Kennedy v. Freeman, 919 F.2d 126, 128 (10th Cir.1990) (citations omitted). We further held that to establish specific jurisdiction, a party must do some act that represents an effort by him to "purposefully avail [ ] [himself] of the privilege of conducting activities within the forum State." Id. (citations omitted).

In Equifax, we held that "the nature of defendant's relationship with his Kansas employer supports the district court's exercise of personal jurisdiction over defendant in Kansas in this dispute arising out of that relationship." Equifax at 1357. Hitz purposefully availed himself of the privilege of conducting activities within Kansas when he agreed to employment with a corporation whose home office and all administrative activities relating to the employment were in Kansas. 4 Furthermore, Hitz agreed to an employment agreement which contained a clause providing that the agreement would be governed by the law of the State of Kansas. (Appellee's Appendix, Vol. 2, Tab 119, p. 4).

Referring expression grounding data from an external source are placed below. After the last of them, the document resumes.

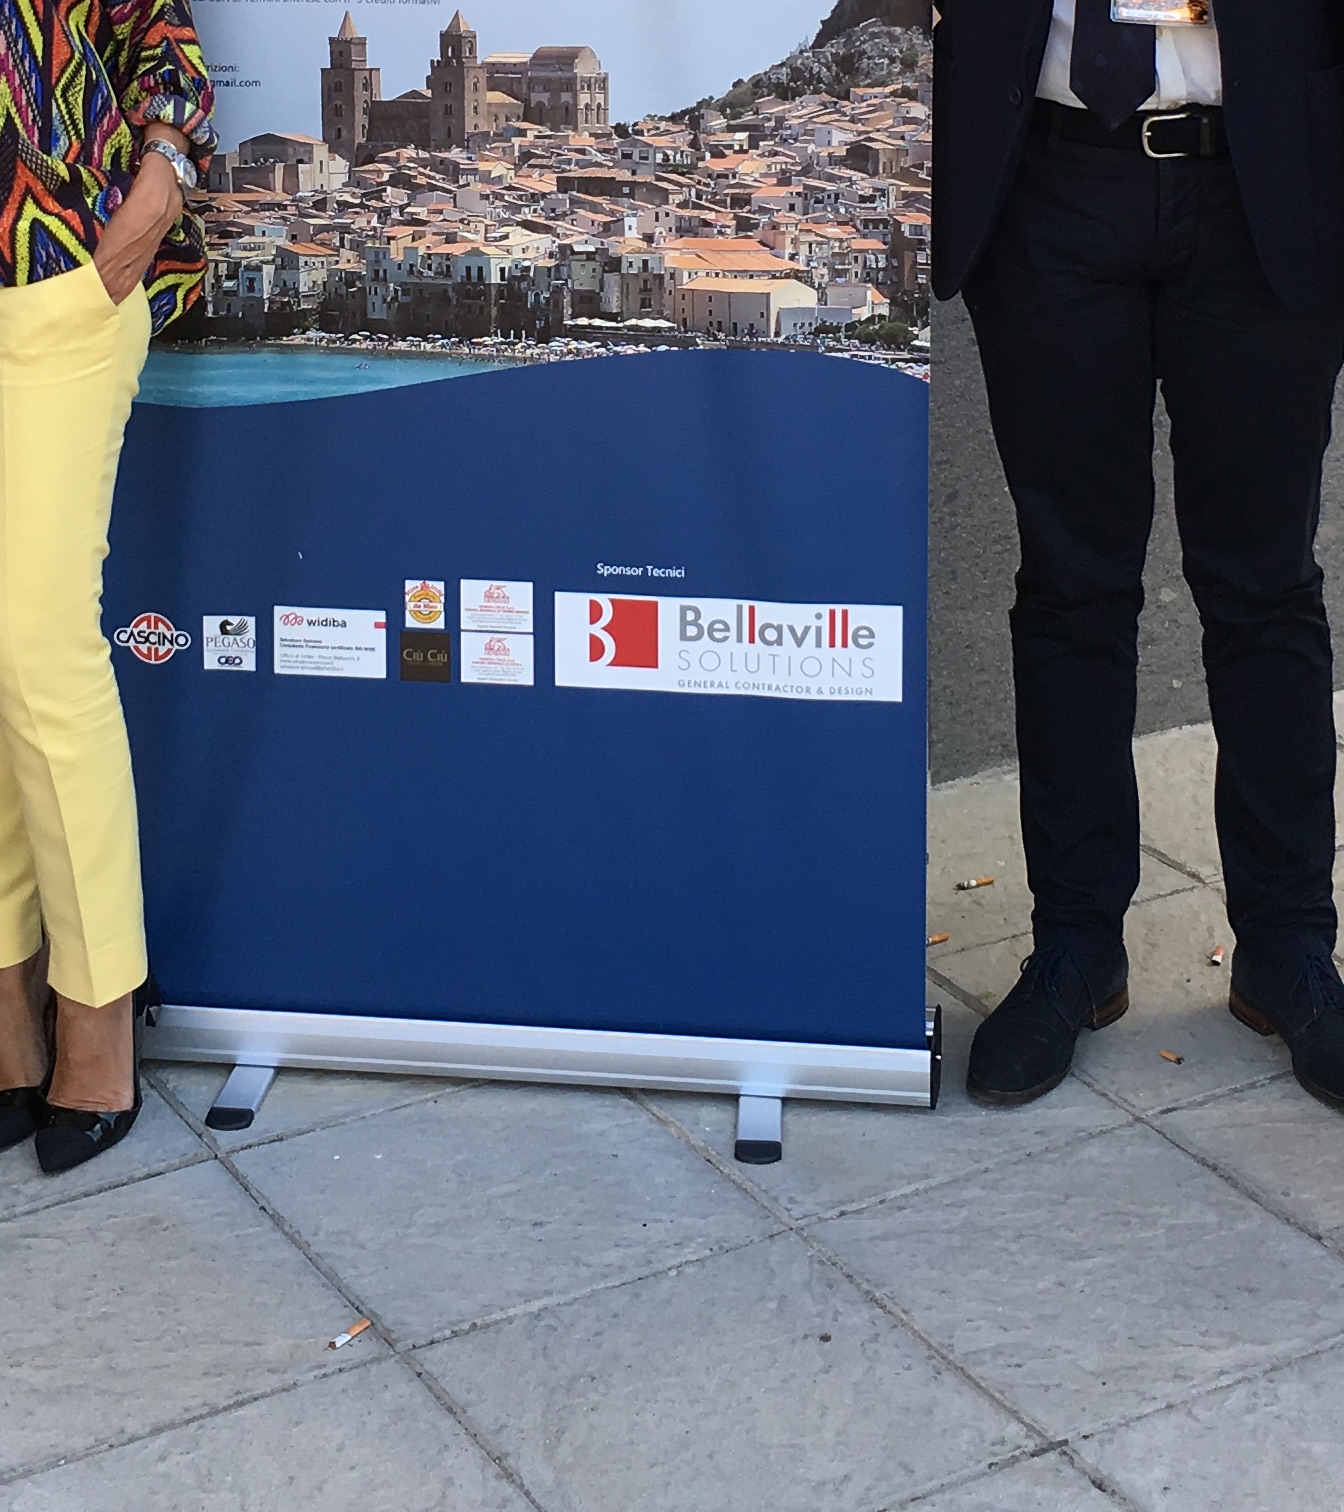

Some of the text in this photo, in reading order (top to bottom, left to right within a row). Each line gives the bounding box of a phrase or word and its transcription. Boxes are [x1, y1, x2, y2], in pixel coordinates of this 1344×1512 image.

[596, 562, 684, 577] Sponsor Tecnici
[307, 617, 347, 629] widiba
[679, 603, 875, 650] Bellaville
[116, 629, 190, 649] CASCINO
[206, 636, 256, 649] PEGASO
[677, 648, 875, 679] SOLUTIONS
[677, 678, 873, 695] GENERAL CONTRACTOR & DESIGN

Hitz argued in Equifax, as he does here, that the district court erred in finding that he was not fraudulently induced to sign the 1986 agreement with White & White. In Equifax, we found nothing in the record to support the claim, nor do we find anything in the present record which would support such a claim. Thus, we hold that the district court properly exercised personal jurisdiction over Hitz.

b.

The 1986 employment agreement signed by Hitz, contained a paragraph which read as follows:

10. Miscellaneous.

* * *

* * *

(f) Inurement and Modification. The duties and obligations of the Branch Manager under this agreement shall inure the benefit of the successors and assigns of White & White....

* * *

* * *

(Appellee's Appendix, Vol. 2, Tab 119, p. 4).

We held in Equifax, that, "[i]n the case of a merger, as here, the surviving corporation automatically succeeds to the rights of the merged corporations to enforce...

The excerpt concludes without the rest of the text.